大鹿歌舞伎、国重文指定祝う横断幕 映画監督からは花束も

文化・芸能

[ 2017年 3月 17日 金曜日 15時30分 ]

国重文指定を祝う横断幕

 大鹿村に江戸時代から伝わる地芝居「大鹿歌舞伎」の国重要無形民俗文化財指定を受け、村は指定を祝う横断幕を庁舎に掲げた。映画「大鹿村騒動記」を手掛けた阪本順治監督からは花束が届き、指定証書のコピーと一緒にロビーに飾られている。

 指定後の最初となる5月の定期公演で、村は指定を報告する予定。柳島貞康村長は「いろいろな形でお祝いムードを高め、伝統の歌舞伎を広くPRもしていく」と話した。

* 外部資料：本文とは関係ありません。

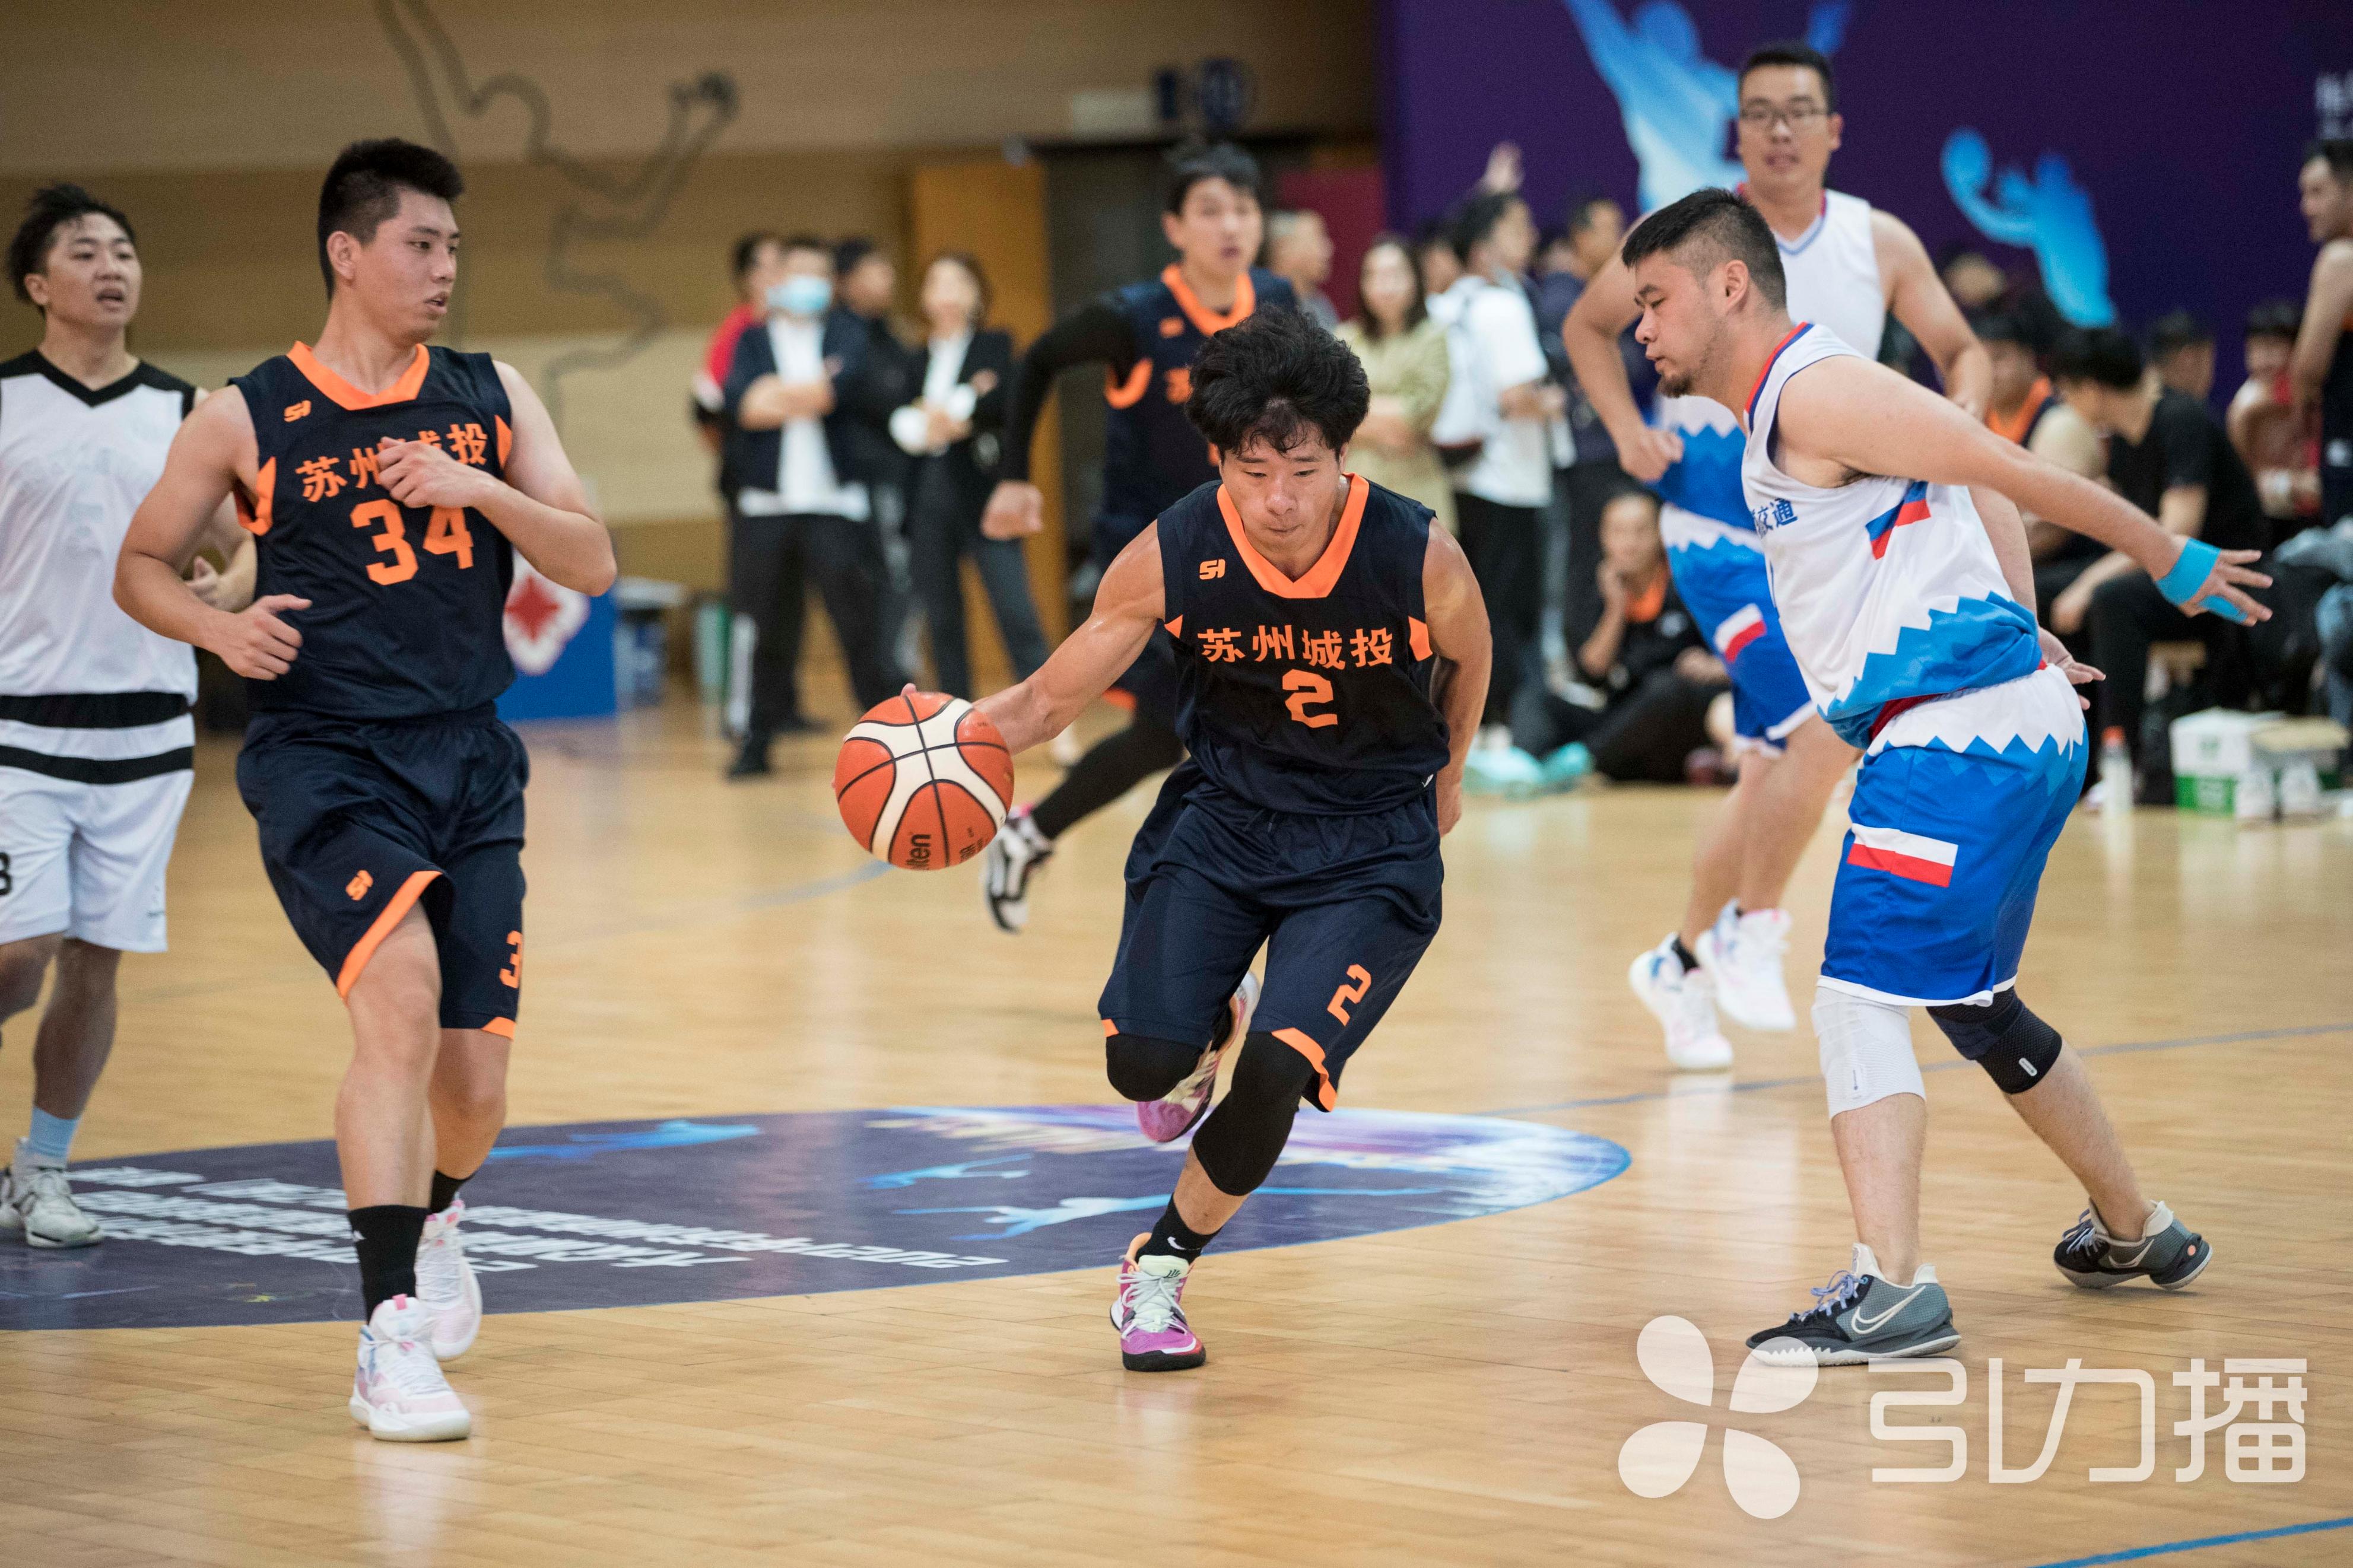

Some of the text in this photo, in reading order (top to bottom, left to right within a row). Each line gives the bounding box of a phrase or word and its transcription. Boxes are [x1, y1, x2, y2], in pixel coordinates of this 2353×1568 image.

[295, 423, 488, 503] 苏州投
[350, 498, 474, 586] 34
[1197, 624, 1393, 670] 苏州城投
[1282, 669, 1338, 728] 2
[499, 930, 523, 989] 3
[1327, 964, 1371, 1026] 2

 国の文化審議会は大鹿歌舞伎など7件の指定を1月に答申、3月に宮田亮平文化庁長官から指定証書を受けた。近世以来の地方の村落における芸能の受容や展開を示すとともに、独自の演技・演目を有するなど地域的特色や芸能の変遷過程を示すもの―とし、「わが国を代表する地芝居」と評価された。

 大鹿歌舞伎は1767(明和4)年に村で上演されたのが最古の記録として残る。1977(昭和52)年に県無形民俗文化財、96年に全国で初めて国選択無形民俗文化財に指定された。

 住民有志の役者らによって受け継がれ、83年からは定期公演を大河原の大磧神社(5月3日)と鹿塩の市場神社(10月第3日曜日)で開いている。演目は約30種類。このうち平家の落ち武者・悪七兵衛景清が源氏に戦いを挑む姿を描いた「六千両後日之文章 重忠館の段」は大鹿歌舞伎オリジナルで、地芝居特有の狂言として全国的にも貴重な伝承―と評される。